Dean Andrews (born 6 August 1963) is an English actor. He is known for his role as DS Ray Carling in the BBC drama series Life on Mars. He continued the role in the sequel series, Ashes to Ashes, until 2010. As of April 2019, he appeared as Will Taylor on ITV soap opera Emmerdale.
Andrews left the show on 26 December 2024 when his character Will died of a heart attack.

==Early life and education==
Born in 1963 in Rotherham, Andrews went to Sitwell Junior School on Grange Road and Oakwood Comprehensive School on Moorgate Road. He went to school with Top Gear presenter James May.

==Career==

Dean Andrews started off as a mainstay of cruise ships as a talented entertainer and singer. He was discovered by film director Ken Loach, who was looking for people from Yorkshire to appear in the 2001 film, The Navigators. He then went on to play Barry Shiel in the Channel 4 drama Buried, which won the BAFTA Award for Best Drama Series in 2004. That year, he also had a small role, as Neil, in the Channel 4 series No Angels.

In 2005, Andrews appeared in one episode of the ITV drama Wire in the Blood. The following year, he appeared in another BBC drama, Life On Mars, as DS Ray Carling. He then had roles in two BBC dramas, True Dare Kiss and The Street, in 2007. Andrews again played DC Carling in Ashes to Ashes, a 2008 spin-off series of Life on Mars. During the same year, he recorded voiceovers for Currys television advertisements. He had a guest role in 2010 on the BBC One series Waterloo Road.

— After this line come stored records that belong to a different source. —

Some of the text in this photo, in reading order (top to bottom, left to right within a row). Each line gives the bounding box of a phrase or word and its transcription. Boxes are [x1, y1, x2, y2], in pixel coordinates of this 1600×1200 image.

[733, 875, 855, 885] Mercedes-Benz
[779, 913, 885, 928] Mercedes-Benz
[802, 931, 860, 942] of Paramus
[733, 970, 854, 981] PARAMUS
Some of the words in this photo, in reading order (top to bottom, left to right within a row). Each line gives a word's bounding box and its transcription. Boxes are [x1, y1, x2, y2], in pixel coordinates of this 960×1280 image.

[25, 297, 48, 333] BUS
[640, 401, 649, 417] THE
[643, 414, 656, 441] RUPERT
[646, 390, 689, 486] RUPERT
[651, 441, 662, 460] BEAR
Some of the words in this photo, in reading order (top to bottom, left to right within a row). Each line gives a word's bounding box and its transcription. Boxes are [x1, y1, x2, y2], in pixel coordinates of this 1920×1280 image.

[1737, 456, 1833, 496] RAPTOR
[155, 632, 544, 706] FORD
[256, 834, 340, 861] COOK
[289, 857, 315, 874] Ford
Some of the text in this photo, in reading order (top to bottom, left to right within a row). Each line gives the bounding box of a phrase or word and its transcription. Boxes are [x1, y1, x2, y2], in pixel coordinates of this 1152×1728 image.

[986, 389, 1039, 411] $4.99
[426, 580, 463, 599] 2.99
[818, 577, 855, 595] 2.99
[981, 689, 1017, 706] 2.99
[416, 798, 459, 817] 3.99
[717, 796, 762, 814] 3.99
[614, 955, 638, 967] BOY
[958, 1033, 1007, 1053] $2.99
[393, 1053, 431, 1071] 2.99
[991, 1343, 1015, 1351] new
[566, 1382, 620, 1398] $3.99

In 2011, Andrews appeared in: the BBC drama The Body Farm as Peter Collins; the BBC Two television film United, about the Manchester United "Busby Babes" team and the 1958 Munich air disaster; ITV's supernatural drama series Marchlands, playing one of the lead roles; and the five-part BBC One series The Case, in which he played the lead role as a man accused of murdering his terminally ill girlfriend.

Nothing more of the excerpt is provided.